The Onus Is On Who?

One of the biggest challenges in implementing this concept of "life long learners" is not just changing the mindset of the teachers in our classrooms but the students as well. Many of them have well established expectations of how school should play out and for many of them, being a "good kid" and following instructions was the recipe for learning success. What progressive educators see as steps to empower the learning process, some students see as a huge threat to their perceived version of the status quo. In our upper primary classrooms at my school, we are trying to keep that shift going with the way we structure our learning program.

The shift is subtle but our students are feeling it.

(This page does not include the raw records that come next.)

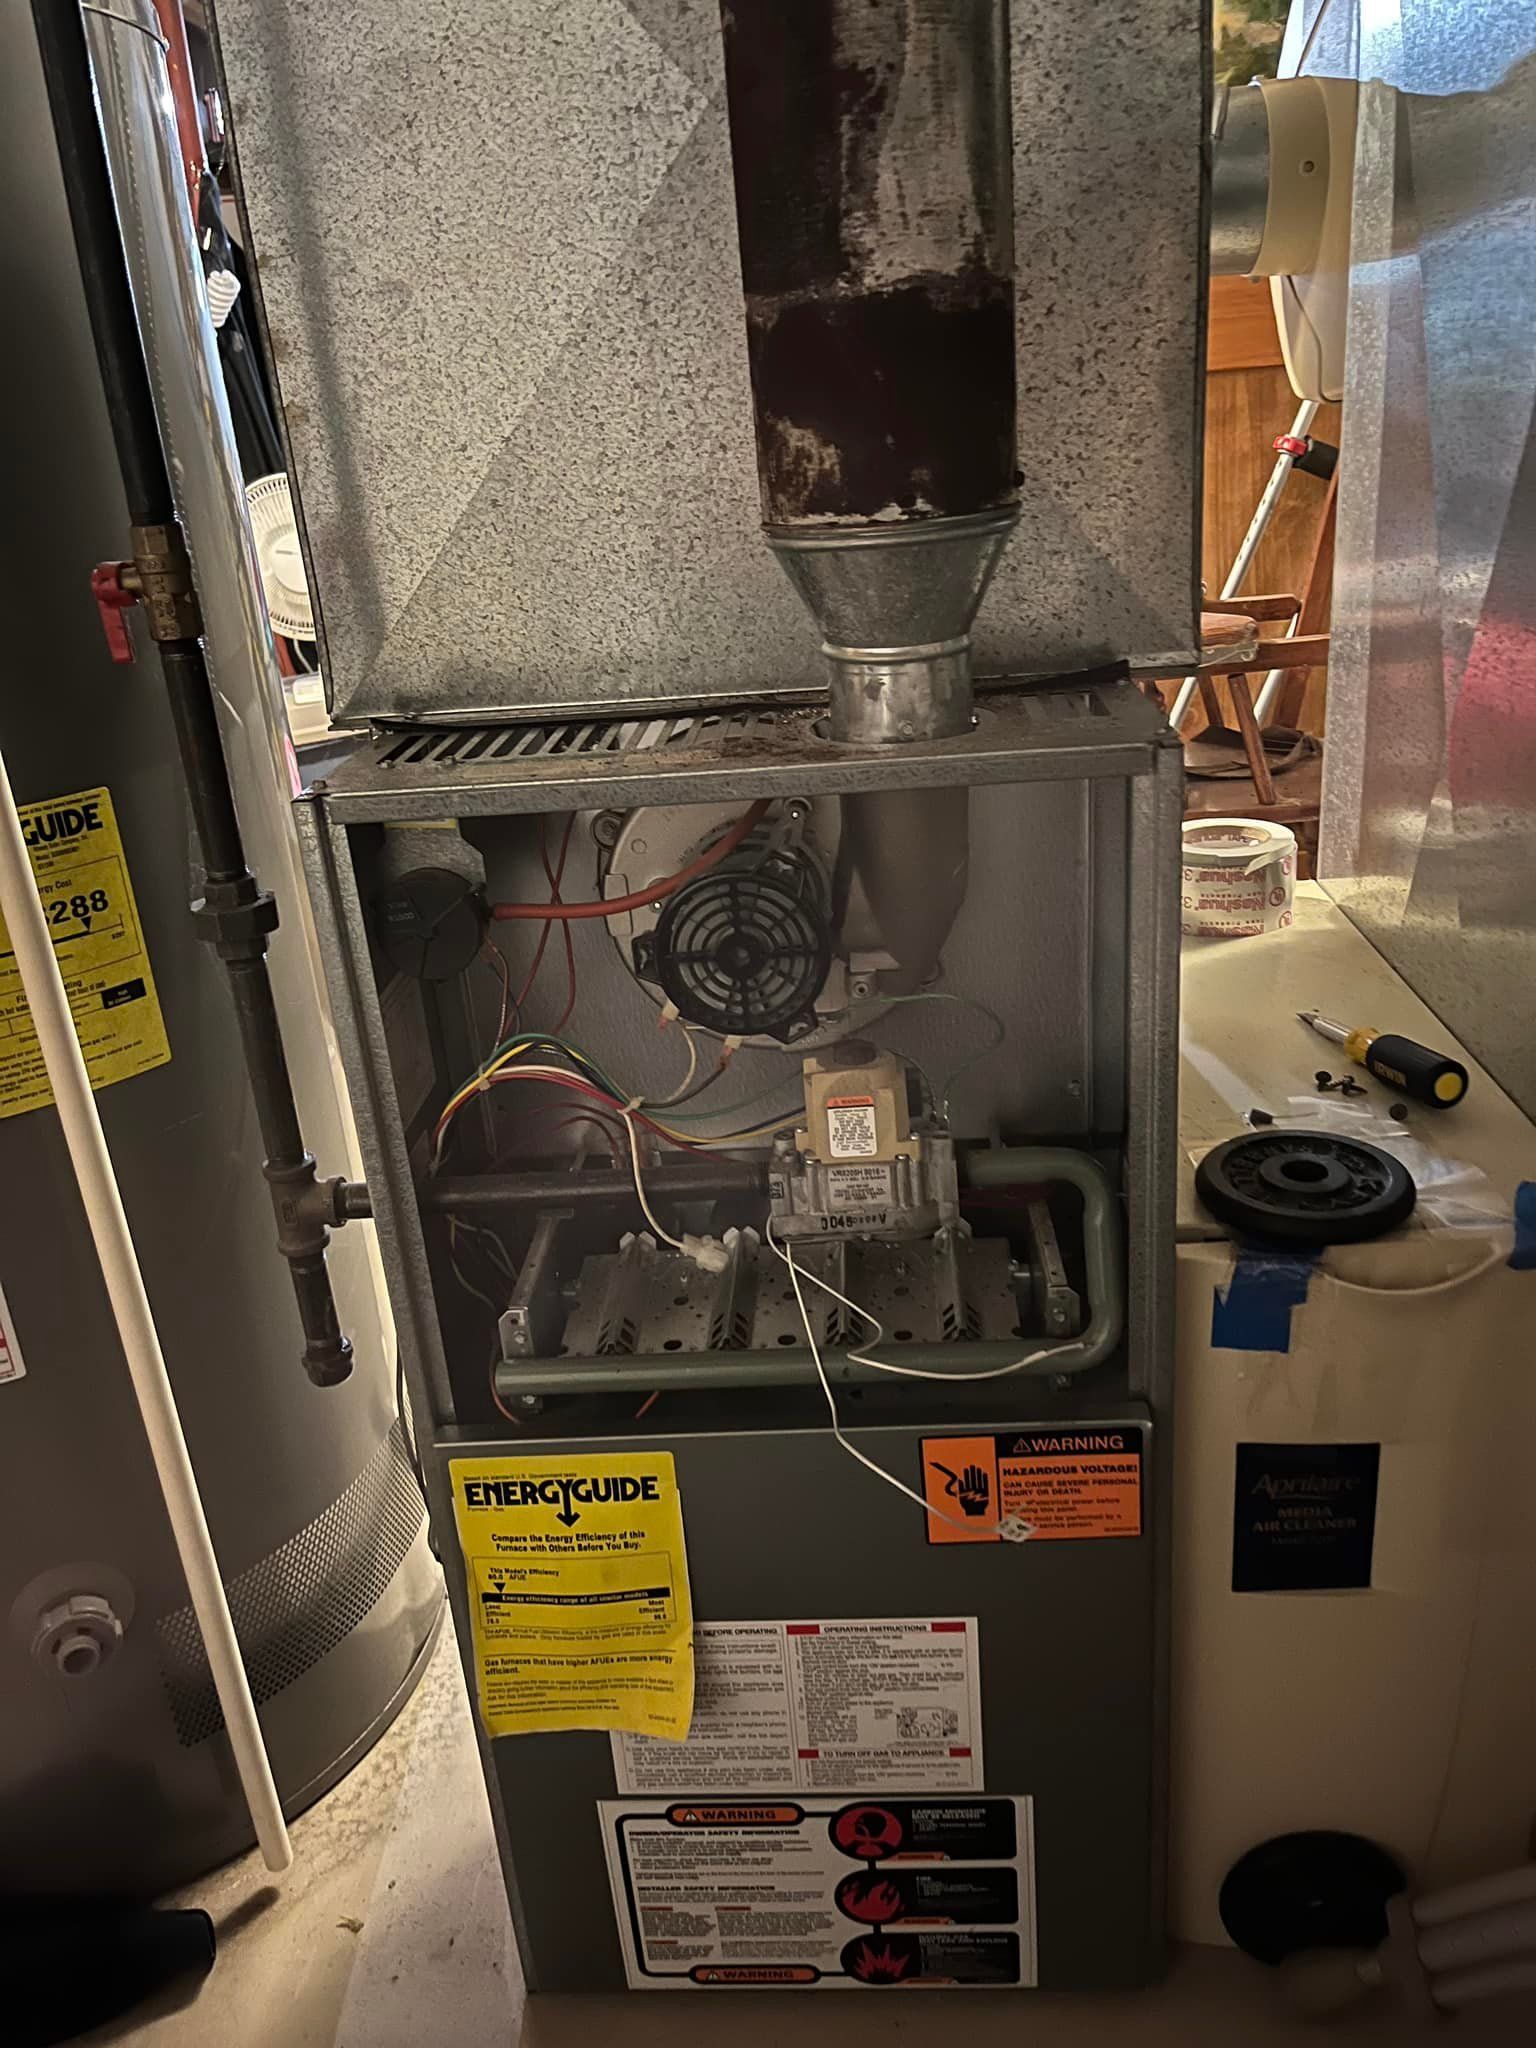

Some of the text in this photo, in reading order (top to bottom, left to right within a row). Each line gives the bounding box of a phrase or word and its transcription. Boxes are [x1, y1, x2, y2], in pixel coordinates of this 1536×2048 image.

[44, 889, 109, 927] 288
[1199, 897, 1266, 913] Nashua
[1373, 1059, 1408, 1088] IRWIN
[1031, 1434, 1124, 1452] WARNING
[1003, 1464, 1138, 1476] HAZARDOUS VOLTAGE!
[1003, 1478, 1138, 1489] CAN CAUSE SEVERE PERSONAL
[464, 1476, 660, 1509] ENERGYGUIDE
[1251, 1520, 1281, 1534] AIR
[491, 1530, 646, 1546] Compare the Energy Efficiency of this
[496, 1543, 528, 1552] Furnace
[530, 1543, 547, 1552] with
[549, 1543, 576, 1553] Others
[578, 1542, 604, 1552] Before
[606, 1541, 622, 1551] You
[734, 1627, 778, 1636] OPERATING
[823, 1624, 928, 1635] OPERATING INSTRUCTIONS
[485, 1658, 499, 1668] Gas
[533, 1657, 547, 1666] that
[548, 1657, 565, 1667] have
[485, 1666, 520, 1677] efficient.
[701, 1810, 777, 1820] WARNING
[723, 1969, 794, 1980] WARNING

Generally, they are pretty good. The students enjoy the freedoms in their personal blogs, the tasks that give them opportunity to be creative and make choices to demonstrate their understanding of the concepts and knowledge covered and most are enthused about the opportunity to be the leaders in the student community of the school. Things aren't quite as bad as over at ken's school:

Don't tell me to create. How about you create something? Instead, you're dumping your own lack of preparation on me and every other student in this classroom. I show up, I do my job. That's what it's been about. That's what it's all about. Honestly, I'm not sure what you're trying to accomplish.

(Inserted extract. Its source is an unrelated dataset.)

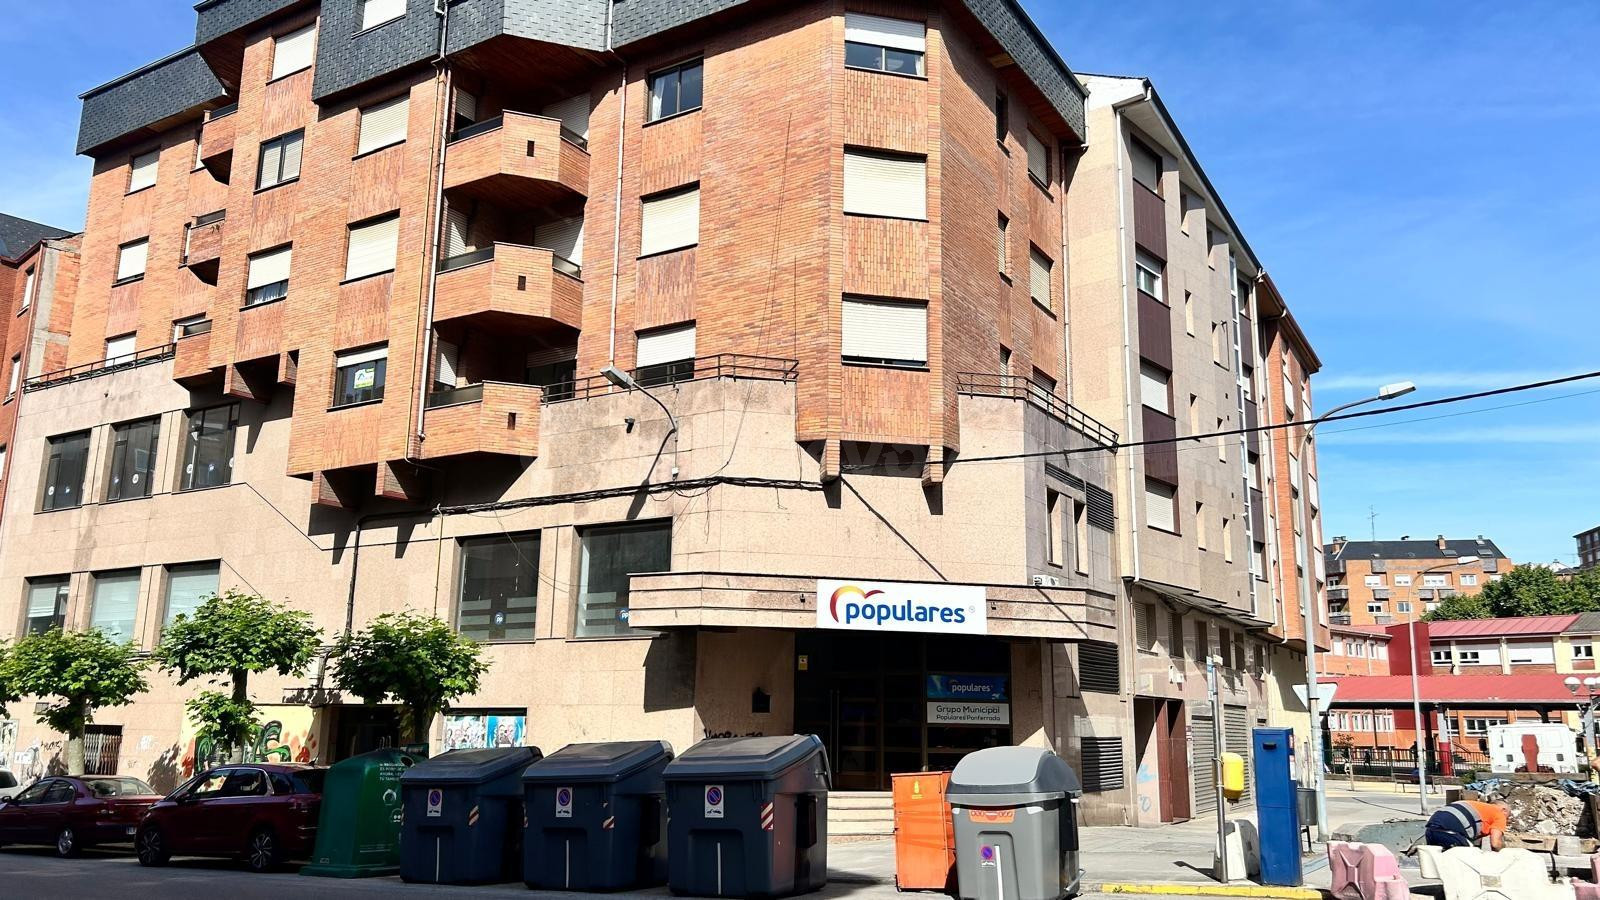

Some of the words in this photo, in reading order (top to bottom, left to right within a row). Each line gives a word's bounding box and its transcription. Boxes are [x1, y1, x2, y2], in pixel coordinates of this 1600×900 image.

[846, 600, 966, 626] populares
[951, 683, 991, 694] populares
[936, 705, 961, 715] Grupo
[962, 706, 1000, 716] Municipal

But our new High Flyer program has thrown a few of them into a tizzy. This is our Year Seven high achievement recognition program for the kids in their final year of primary school. The actual High Flyer certificates pre-date my involvement at the school but was essentially a teacher-driven award system - the criteria was drawn up by the teachers who then made judgement calls about how the students measured up to them. The teachers were doing the heavy lifting - while the students benefitted by playing the role of "good student" in order to gain recognition. A very traditional approach but one that was definitely in a major need of re-alignment to our school focus of inquiry and collaborative learning. Maria, Kim and I decided to turn things around by grabbing the 18 Qualities of a Lockleys North Graduate and have the students provide evidence of their achievment of these Qualities. Here's a sample of our new approach as lifted directly from our private planning wiki.

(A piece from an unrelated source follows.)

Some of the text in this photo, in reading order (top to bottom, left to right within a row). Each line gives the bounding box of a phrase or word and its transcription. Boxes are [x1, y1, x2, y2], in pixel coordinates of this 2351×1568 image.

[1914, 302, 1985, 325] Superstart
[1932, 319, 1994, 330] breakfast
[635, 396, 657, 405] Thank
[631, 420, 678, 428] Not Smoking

The 2009 High Flyer is based on the 18 Qualities of an LNPS Graduate. As students are encouraged and supported to take charge of their own learning, the High Flyer Award is designed for students to take ownership of their own achievements. The students will collate and present evidence of these Qualities. (instigated by students, book time with their teachers, onus on the student to self manage)

The self managing part is the part that some students immediately found difficultly in grappling with. For example, one quality calls for students to "Participate in and support activities as reliable team members, encouraging spectators, and ‘good sports’". We gave the kids four possible options for evidence (they had to choose two or create their own) including this one - Written supportive statement of involvement from PE teacher.

The students with initiative, the ones who we really want to be winning these awards, created their own statement, putting their own performance under the perspective microscope of Mr. G, our PE teacher, typed it up and approached him for a signature if he agreed with their statement. Into the folder of evidence it went.

But others were more literal and fell back into the "teacher needs to do it for me" mode. Maria and I had an interesting but frustrating conversation with a student from her class (whom I had taught in 2007 and 2008, so I may have been part of the problem) where she just couldn't get past the fact that she was responsible for ensuring that the evidence was there for us to assess.

"But I've emailed Mr. G twice and asked him to write me a statement."

"Imagine if he has to do that for all 51 Year Sevens. You need to show some initiative like Pavlo over here who wrote his own statement."

"Oh ... maybe I should write Mr. G a reminder note and put it in his pigeonhole."

"No, you're missing the point! You can write it yourself and Mr. G can sign off on it."

"But how can I do that? How do I know how I've been in PE lessons?"

You get the picture. Hopefully, this will also eliminate the visit from the one irate parent who is upset that their darling child has not gotten the High Flyer certificate because they are a "good kid". Enough with the good kids - we want motivated, self-improving students - otherwise, the life long learning will never happen unless a teacher is holding their hands.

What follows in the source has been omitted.